Records shown section start
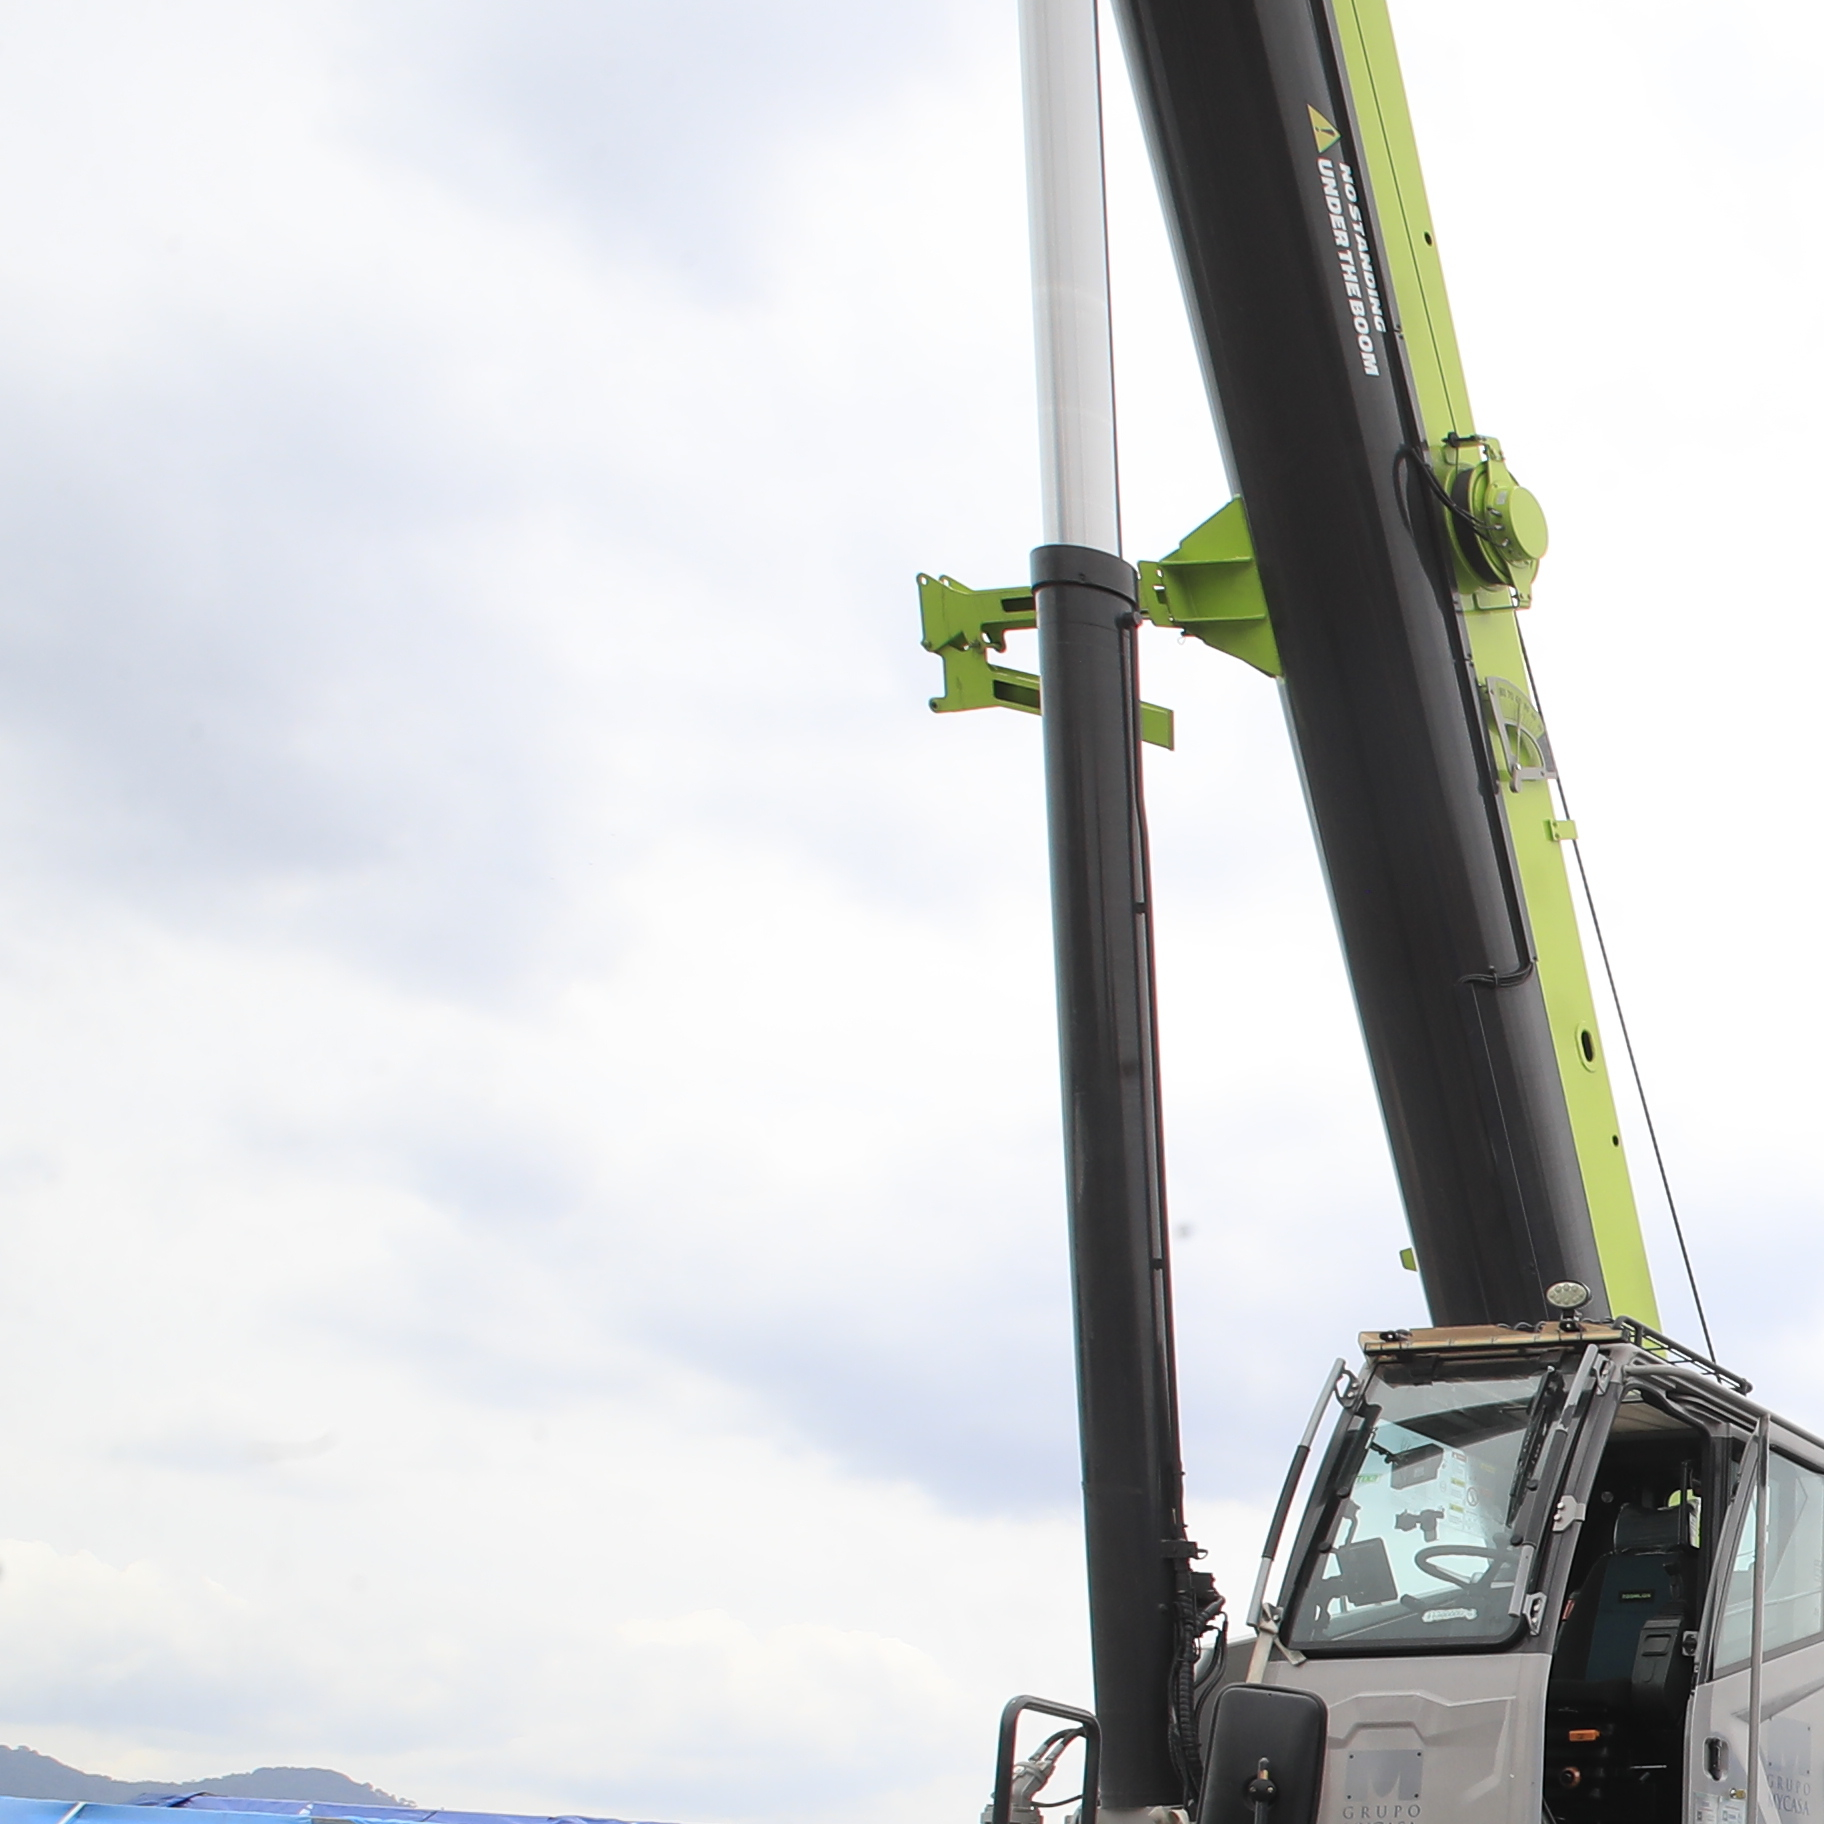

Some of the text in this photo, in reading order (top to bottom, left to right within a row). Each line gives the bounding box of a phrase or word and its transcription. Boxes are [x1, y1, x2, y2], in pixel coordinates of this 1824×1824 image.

[1317, 158, 1380, 377] UNDER THE BOOM
[1339, 163, 1387, 333] NO STANDING
[1342, 1804, 1421, 1820] GRUPO
[1767, 1774, 1811, 1796] GRUPO
Records shown section end
Task description. All entries above, minus the pictures, should be repeated exactly.

Exercise solution.
Some of the text in this photo, in reading order (top to bottom, left to right within a row). Each line gives the bounding box of a phrase or word and its transcription. Boxes are [x1, y1, x2, y2], in pixel coordinates of this 1824×1824 image.

[1317, 158, 1380, 377] UNDER THE BOOM
[1339, 163, 1387, 333] NO STANDING
[1342, 1804, 1421, 1820] GRUPO
[1767, 1774, 1811, 1796] GRUPO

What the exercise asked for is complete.